TASK DESCRIPTION: Write out the records word for word, with no pictures.

(Phrase grounding data)

╭──

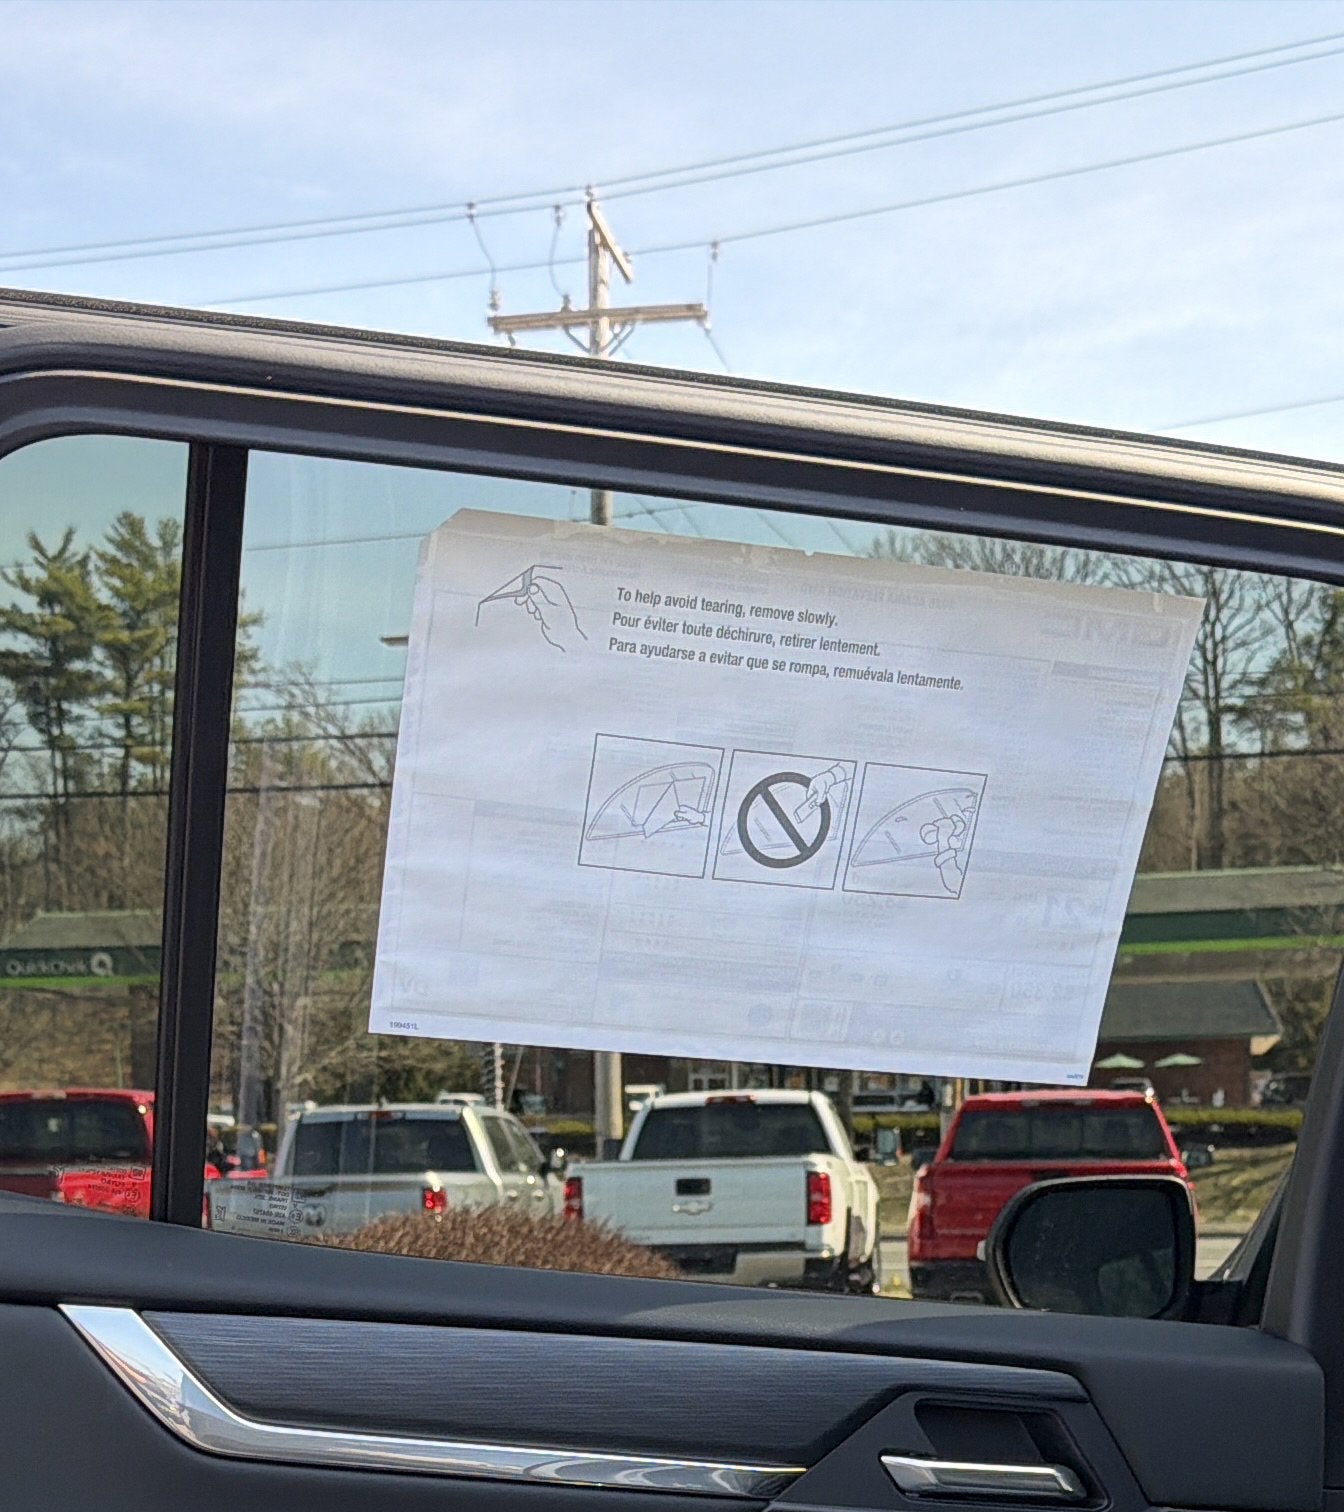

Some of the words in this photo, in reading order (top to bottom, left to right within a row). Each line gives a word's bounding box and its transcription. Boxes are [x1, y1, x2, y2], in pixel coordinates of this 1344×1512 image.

[617, 587, 631, 601] To
[634, 589, 661, 607] help
[665, 595, 697, 609] avoid
[701, 598, 745, 617] tearing,
[749, 605, 795, 621] remove
[797, 609, 838, 628] slowly.
[612, 612, 641, 627] Pour
[644, 615, 679, 632] éviter
[682, 621, 713, 637] toute
[716, 626, 776, 647] déchirure,
[780, 634, 817, 649] retirer
[819, 637, 880, 656] lentement.
[609, 637, 637, 653] Para
[640, 643, 696, 661] ayudarse
[698, 651, 706, 662] a
[710, 652, 744, 666] evitar
[746, 656, 769, 670] que
[772, 660, 786, 672] se
[789, 662, 830, 678] rompa,
[833, 666, 894, 683] remuévala
[897, 671, 964, 690] lentamente.
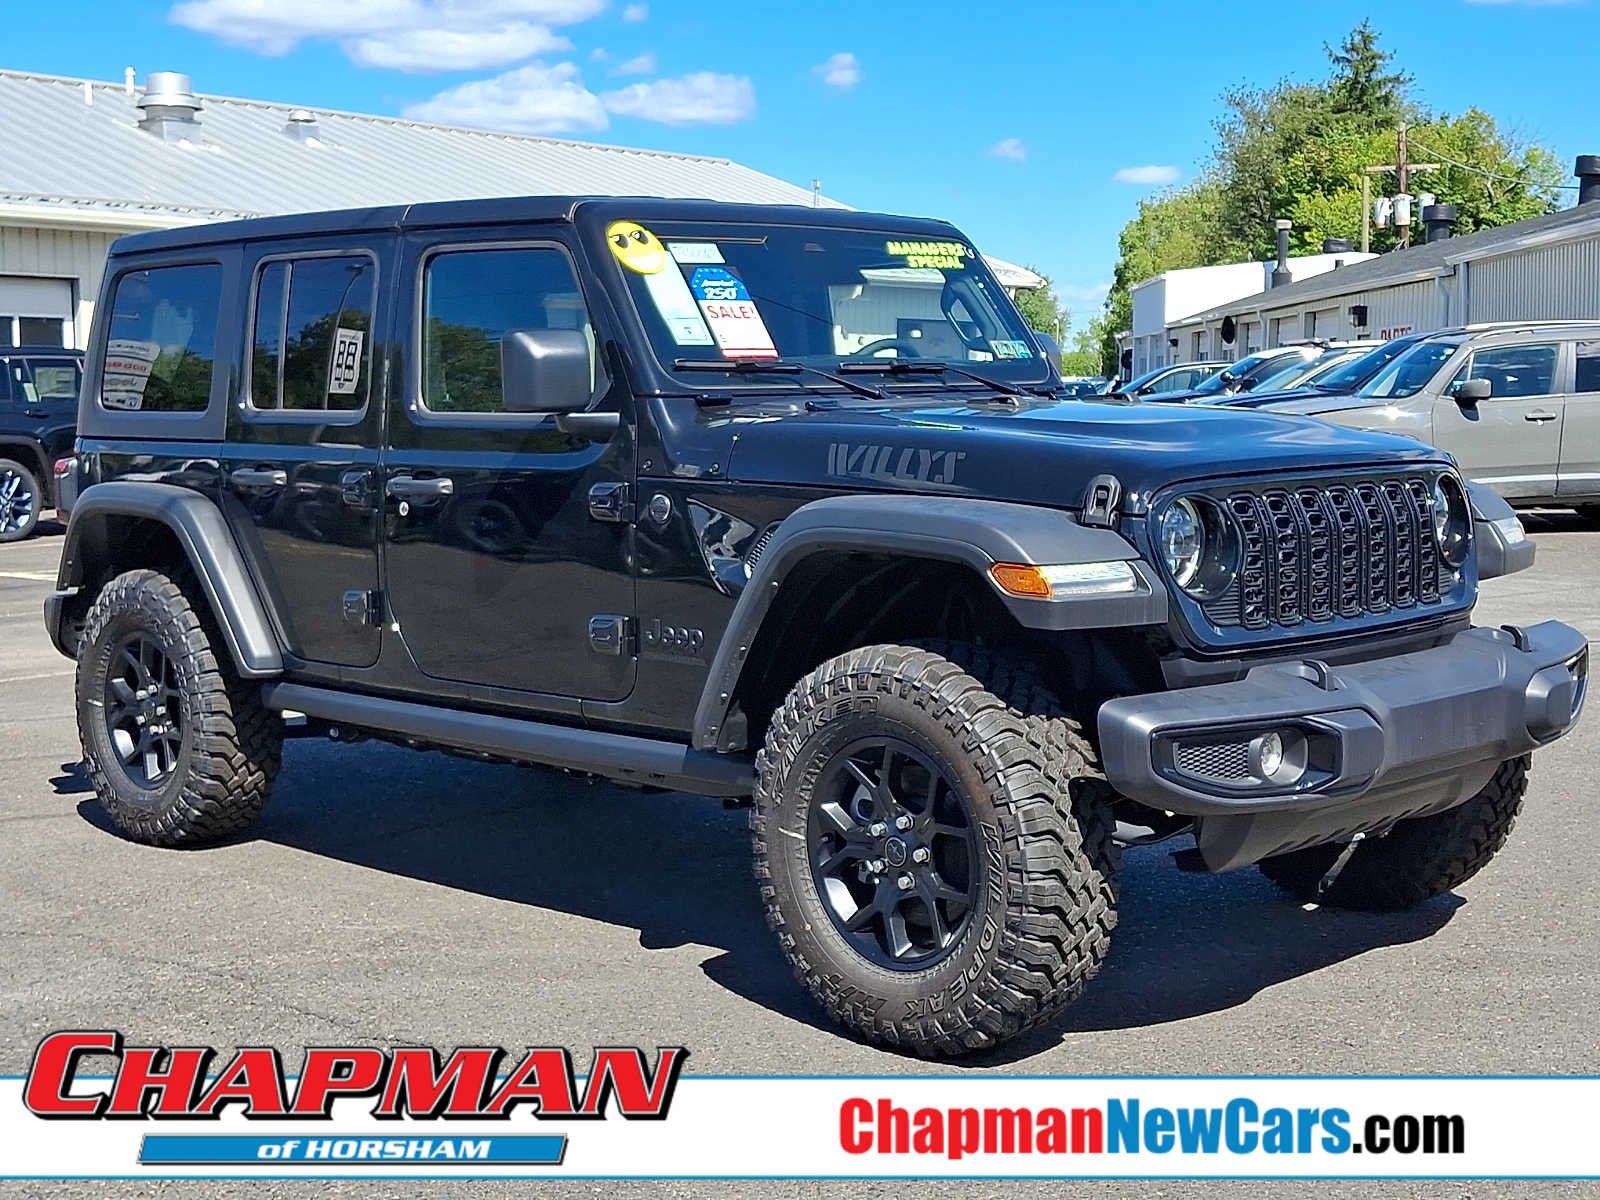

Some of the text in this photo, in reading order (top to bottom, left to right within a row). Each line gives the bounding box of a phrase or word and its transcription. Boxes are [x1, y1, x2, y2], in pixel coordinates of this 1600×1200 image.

[906, 255, 965, 269] SPECIAL
[706, 305, 757, 319] SALE!
[827, 443, 967, 484] WILLYS
[644, 617, 704, 655] Jeep

╰──

EXERCISE RESPONSE:
Some of the words in this photo, in reading order (top to bottom, left to right within a row). Each line gives a word's bounding box and its transcription. Boxes are [x1, y1, x2, y2], in pixel coordinates of this 1344×1512 image.

[617, 587, 631, 601] To
[634, 589, 661, 607] help
[665, 595, 697, 609] avoid
[701, 598, 745, 617] tearing,
[749, 605, 795, 621] remove
[797, 609, 838, 628] slowly.
[612, 612, 641, 627] Pour
[644, 615, 679, 632] éviter
[682, 621, 713, 637] toute
[716, 626, 776, 647] déchirure,
[780, 634, 817, 649] retirer
[819, 637, 880, 656] lentement.
[609, 637, 637, 653] Para
[640, 643, 696, 661] ayudarse
[698, 651, 706, 662] a
[710, 652, 744, 666] evitar
[746, 656, 769, 670] que
[772, 660, 786, 672] se
[789, 662, 830, 678] rompa,
[833, 666, 894, 683] remuévala
[897, 671, 964, 690] lentamente.

Some of the text in this photo, in reading order (top to bottom, left to right within a row). Each line gives the bounding box of a phrase or word and its transcription. Boxes are [x1, y1, x2, y2], in pixel coordinates of this 1600×1200 image.

[906, 255, 965, 269] SPECIAL
[706, 305, 757, 319] SALE!
[827, 443, 967, 484] WILLYS
[644, 617, 704, 655] Jeep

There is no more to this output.